Instructions to follow – Every line of the records below should be restated exactly.

Phrase grounding data
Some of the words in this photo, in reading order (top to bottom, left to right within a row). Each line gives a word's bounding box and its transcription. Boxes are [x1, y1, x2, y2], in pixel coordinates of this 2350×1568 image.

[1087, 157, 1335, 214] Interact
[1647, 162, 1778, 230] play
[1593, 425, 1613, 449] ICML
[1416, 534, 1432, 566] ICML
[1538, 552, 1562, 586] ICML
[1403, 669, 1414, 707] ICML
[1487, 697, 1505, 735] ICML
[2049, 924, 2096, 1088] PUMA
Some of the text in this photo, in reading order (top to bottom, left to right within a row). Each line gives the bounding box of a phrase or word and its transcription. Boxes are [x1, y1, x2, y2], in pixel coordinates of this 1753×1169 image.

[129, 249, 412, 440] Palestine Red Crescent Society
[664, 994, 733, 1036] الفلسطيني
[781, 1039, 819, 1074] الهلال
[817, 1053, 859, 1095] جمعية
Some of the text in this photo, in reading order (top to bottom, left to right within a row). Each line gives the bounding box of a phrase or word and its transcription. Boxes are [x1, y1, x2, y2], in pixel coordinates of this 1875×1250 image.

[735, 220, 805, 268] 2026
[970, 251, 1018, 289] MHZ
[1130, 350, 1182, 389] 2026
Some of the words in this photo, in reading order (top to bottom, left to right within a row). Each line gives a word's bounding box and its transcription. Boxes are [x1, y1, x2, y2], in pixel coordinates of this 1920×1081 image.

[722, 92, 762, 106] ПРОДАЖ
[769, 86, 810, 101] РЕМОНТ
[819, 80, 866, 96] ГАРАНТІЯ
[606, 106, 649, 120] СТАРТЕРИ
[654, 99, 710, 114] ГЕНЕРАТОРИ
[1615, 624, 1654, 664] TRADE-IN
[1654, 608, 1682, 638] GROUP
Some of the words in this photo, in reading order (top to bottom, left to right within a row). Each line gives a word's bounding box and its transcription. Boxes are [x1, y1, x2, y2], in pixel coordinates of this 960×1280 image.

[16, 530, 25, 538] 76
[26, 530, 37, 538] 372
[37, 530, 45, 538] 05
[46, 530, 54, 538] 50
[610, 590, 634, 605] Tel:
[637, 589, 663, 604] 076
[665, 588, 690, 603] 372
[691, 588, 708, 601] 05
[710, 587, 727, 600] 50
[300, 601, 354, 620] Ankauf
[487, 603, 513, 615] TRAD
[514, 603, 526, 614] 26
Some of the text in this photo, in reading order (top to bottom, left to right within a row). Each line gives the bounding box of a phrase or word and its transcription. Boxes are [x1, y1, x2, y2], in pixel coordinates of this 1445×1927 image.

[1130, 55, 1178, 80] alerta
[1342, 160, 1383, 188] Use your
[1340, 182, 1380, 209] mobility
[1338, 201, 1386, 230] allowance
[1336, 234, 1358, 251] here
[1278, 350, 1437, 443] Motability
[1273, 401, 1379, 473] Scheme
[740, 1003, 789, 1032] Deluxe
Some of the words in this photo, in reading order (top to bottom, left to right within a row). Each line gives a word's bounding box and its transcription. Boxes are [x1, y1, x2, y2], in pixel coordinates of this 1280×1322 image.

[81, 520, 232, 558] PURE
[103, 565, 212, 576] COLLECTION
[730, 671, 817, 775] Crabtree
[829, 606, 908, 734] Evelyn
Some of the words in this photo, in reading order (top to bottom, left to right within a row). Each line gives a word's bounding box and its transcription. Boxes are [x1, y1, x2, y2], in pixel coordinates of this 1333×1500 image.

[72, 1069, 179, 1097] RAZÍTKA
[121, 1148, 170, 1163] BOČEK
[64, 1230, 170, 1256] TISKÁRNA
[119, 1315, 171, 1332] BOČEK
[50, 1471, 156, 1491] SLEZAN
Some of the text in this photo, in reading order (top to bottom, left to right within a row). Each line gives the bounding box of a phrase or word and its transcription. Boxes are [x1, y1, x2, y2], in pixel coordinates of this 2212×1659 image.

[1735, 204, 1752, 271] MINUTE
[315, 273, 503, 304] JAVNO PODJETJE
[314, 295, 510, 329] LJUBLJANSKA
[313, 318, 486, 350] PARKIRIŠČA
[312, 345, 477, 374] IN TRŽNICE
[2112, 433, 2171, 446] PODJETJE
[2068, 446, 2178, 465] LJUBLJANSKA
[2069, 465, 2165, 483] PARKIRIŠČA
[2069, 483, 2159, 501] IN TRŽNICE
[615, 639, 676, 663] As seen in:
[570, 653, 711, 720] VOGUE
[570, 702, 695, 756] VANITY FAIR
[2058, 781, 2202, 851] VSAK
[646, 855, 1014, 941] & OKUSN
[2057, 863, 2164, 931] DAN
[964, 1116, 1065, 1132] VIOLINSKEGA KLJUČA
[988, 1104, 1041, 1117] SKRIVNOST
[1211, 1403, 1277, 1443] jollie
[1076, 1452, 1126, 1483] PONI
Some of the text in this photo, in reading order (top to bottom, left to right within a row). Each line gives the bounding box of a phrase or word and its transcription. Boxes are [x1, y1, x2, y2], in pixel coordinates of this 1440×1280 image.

Answer below –
Some of the words in this photo, in reading order (top to bottom, left to right within a row). Each line gives a word's bounding box and its transcription. Boxes are [x1, y1, x2, y2], in pixel coordinates of this 2350×1568 image.

[1087, 157, 1335, 214] Interact
[1647, 162, 1778, 230] play
[1593, 425, 1613, 449] ICML
[1416, 534, 1432, 566] ICML
[1538, 552, 1562, 586] ICML
[1403, 669, 1414, 707] ICML
[1487, 697, 1505, 735] ICML
[2049, 924, 2096, 1088] PUMA
Some of the text in this photo, in reading order (top to bottom, left to right within a row). Each line gives the bounding box of a phrase or word and its transcription. Boxes are [x1, y1, x2, y2], in pixel coordinates of this 1753×1169 image.

[129, 249, 412, 440] Palestine Red Crescent Society
[664, 994, 733, 1036] الفلسطيني
[781, 1039, 819, 1074] الهلال
[817, 1053, 859, 1095] جمعية
Some of the text in this photo, in reading order (top to bottom, left to right within a row). Each line gives the bounding box of a phrase or word and its transcription. Boxes are [x1, y1, x2, y2], in pixel coordinates of this 1875×1250 image.

[735, 220, 805, 268] 2026
[970, 251, 1018, 289] MHZ
[1130, 350, 1182, 389] 2026
Some of the words in this photo, in reading order (top to bottom, left to right within a row). Each line gives a word's bounding box and its transcription. Boxes are [x1, y1, x2, y2], in pixel coordinates of this 1920×1081 image.

[722, 92, 762, 106] ПРОДАЖ
[769, 86, 810, 101] РЕМОНТ
[819, 80, 866, 96] ГАРАНТІЯ
[606, 106, 649, 120] СТАРТЕРИ
[654, 99, 710, 114] ГЕНЕРАТОРИ
[1615, 624, 1654, 664] TRADE-IN
[1654, 608, 1682, 638] GROUP
Some of the words in this photo, in reading order (top to bottom, left to right within a row). Each line gives a word's bounding box and its transcription. Boxes are [x1, y1, x2, y2], in pixel coordinates of this 960×1280 image.

[16, 530, 25, 538] 76
[26, 530, 37, 538] 372
[37, 530, 45, 538] 05
[46, 530, 54, 538] 50
[610, 590, 634, 605] Tel:
[637, 589, 663, 604] 076
[665, 588, 690, 603] 372
[691, 588, 708, 601] 05
[710, 587, 727, 600] 50
[300, 601, 354, 620] Ankauf
[487, 603, 513, 615] TRAD
[514, 603, 526, 614] 26
Some of the text in this photo, in reading order (top to bottom, left to right within a row). Each line gives the bounding box of a phrase or word and its transcription. Boxes are [x1, y1, x2, y2], in pixel coordinates of this 1445×1927 image.

[1130, 55, 1178, 80] alerta
[1342, 160, 1383, 188] Use your
[1340, 182, 1380, 209] mobility
[1338, 201, 1386, 230] allowance
[1336, 234, 1358, 251] here
[1278, 350, 1437, 443] Motability
[1273, 401, 1379, 473] Scheme
[740, 1003, 789, 1032] Deluxe
Some of the words in this photo, in reading order (top to bottom, left to right within a row). Each line gives a word's bounding box and its transcription. Boxes are [x1, y1, x2, y2], in pixel coordinates of this 1280×1322 image.

[81, 520, 232, 558] PURE
[103, 565, 212, 576] COLLECTION
[730, 671, 817, 775] Crabtree
[829, 606, 908, 734] Evelyn
Some of the words in this photo, in reading order (top to bottom, left to right within a row). Each line gives a word's bounding box and its transcription. Boxes are [x1, y1, x2, y2], in pixel coordinates of this 1333×1500 image.

[72, 1069, 179, 1097] RAZÍTKA
[121, 1148, 170, 1163] BOČEK
[64, 1230, 170, 1256] TISKÁRNA
[119, 1315, 171, 1332] BOČEK
[50, 1471, 156, 1491] SLEZAN
Some of the text in this photo, in reading order (top to bottom, left to right within a row). Each line gives the bounding box of a phrase or word and its transcription. Boxes are [x1, y1, x2, y2], in pixel coordinates of this 2212×1659 image.

[1735, 204, 1752, 271] MINUTE
[315, 273, 503, 304] JAVNO PODJETJE
[314, 295, 510, 329] LJUBLJANSKA
[313, 318, 486, 350] PARKIRIŠČA
[312, 345, 477, 374] IN TRŽNICE
[2112, 433, 2171, 446] PODJETJE
[2068, 446, 2178, 465] LJUBLJANSKA
[2069, 465, 2165, 483] PARKIRIŠČA
[2069, 483, 2159, 501] IN TRŽNICE
[615, 639, 676, 663] As seen in:
[570, 653, 711, 720] VOGUE
[570, 702, 695, 756] VANITY FAIR
[2058, 781, 2202, 851] VSAK
[646, 855, 1014, 941] & OKUSN
[2057, 863, 2164, 931] DAN
[964, 1116, 1065, 1132] VIOLINSKEGA KLJUČA
[988, 1104, 1041, 1117] SKRIVNOST
[1211, 1403, 1277, 1443] jollie
[1076, 1452, 1126, 1483] PONI
Some of the text in this photo, in reading order (top to bottom, left to right within a row). Each line gives the bounding box of a phrase or word and its transcription. Boxes are [x1, y1, x2, y2], in pixel coordinates of this 1440×1280 image.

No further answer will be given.